12. Old Lady DriversFormula
I’m not really into their grind stuff, I mean, if I listen to grind at all then it’s early Napalm Death – I had Musical Dimensions Of The Sleastak and a couple of other’s too – but Formula, I don’t know man, I think that James Plotkin, the guitar player, is one of the fucking greatest guitar players ever, I know he did Phantomsmasher and a bunch of other stuff as well – I’ve seen him play with Scorn at one point as well – but Formula man, there’s just something about it; the cover especially made it look like pop music from the year 3000 or something – my least favourite part of Formula, and I turn if off before it gets to it, is the last song where they go into the gnarly grind bit.
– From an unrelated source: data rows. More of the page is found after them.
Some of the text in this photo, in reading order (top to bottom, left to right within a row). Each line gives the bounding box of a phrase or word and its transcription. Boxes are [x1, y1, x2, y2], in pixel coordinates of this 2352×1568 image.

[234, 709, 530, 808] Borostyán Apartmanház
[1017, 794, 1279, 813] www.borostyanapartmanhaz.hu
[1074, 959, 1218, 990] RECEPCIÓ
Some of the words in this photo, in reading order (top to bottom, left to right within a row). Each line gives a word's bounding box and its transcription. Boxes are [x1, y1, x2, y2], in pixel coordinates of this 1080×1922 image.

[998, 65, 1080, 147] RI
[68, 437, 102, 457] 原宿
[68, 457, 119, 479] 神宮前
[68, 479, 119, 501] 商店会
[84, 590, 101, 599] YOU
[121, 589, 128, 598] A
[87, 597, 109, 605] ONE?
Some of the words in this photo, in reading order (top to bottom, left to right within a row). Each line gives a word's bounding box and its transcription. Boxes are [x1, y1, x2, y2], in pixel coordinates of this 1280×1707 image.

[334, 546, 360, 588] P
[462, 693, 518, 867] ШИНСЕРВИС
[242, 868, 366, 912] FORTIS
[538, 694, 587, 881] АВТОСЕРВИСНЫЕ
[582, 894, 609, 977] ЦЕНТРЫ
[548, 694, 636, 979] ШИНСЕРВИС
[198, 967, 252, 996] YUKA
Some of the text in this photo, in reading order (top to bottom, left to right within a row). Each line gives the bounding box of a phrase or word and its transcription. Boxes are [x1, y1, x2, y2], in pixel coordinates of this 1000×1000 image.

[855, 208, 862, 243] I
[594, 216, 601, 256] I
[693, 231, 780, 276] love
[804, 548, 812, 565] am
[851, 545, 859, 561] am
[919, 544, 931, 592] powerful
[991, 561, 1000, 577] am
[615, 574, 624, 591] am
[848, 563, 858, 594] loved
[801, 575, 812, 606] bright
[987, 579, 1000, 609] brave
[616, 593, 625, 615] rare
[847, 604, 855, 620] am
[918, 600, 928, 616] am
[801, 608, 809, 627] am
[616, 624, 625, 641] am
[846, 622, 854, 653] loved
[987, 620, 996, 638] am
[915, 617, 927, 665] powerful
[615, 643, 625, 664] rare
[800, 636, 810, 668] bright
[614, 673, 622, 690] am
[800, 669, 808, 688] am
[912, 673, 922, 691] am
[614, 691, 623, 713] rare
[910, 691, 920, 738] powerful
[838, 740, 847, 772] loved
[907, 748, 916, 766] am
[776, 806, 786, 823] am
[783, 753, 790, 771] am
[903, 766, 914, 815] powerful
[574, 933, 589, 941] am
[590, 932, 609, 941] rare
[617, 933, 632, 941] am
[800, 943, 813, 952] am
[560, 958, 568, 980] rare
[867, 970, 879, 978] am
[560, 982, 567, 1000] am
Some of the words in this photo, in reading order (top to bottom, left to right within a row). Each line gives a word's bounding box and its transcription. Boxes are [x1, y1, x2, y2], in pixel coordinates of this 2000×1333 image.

It’s not that I’m not in to grind, it’s just that the thing that I like so much about Formula is that it’s just relentlessly beautiful music – those computerised vocals and all that stuff, man, Formula is among the records that I’ve listened to most in my life – right beside Rappon would be Formula.
Another important thing about Old Lady Drivers is that they point out that there is an inherent ridiculousness in life – life is fucking crazy! And the problem I have with bands like U2 or REM or Coldplay or any of that shit is that it’s all "we’re out to save the world" and that’s just a marketing ploy. You can’t fucking save the world! People have a certain amount invested in feeling like if they have a soundtrack of people "saving" the world then it makes them feel like it’s going to happen – it’s like religion man, it’s like hocking money at these people just so they can perpetuate this sort of feel good, "we’re all in this together" bullshit that is just not true to life, it’s just a soundtrack to it all; it’s just fucking music, it’s just ideas. At the end of the day music is all just ideas and to think of it as being so important that it can do anything other than just provide people some respite from their day to day life, or give them something else to think about, is just so fucking arrogant – that’s where the humour comes from.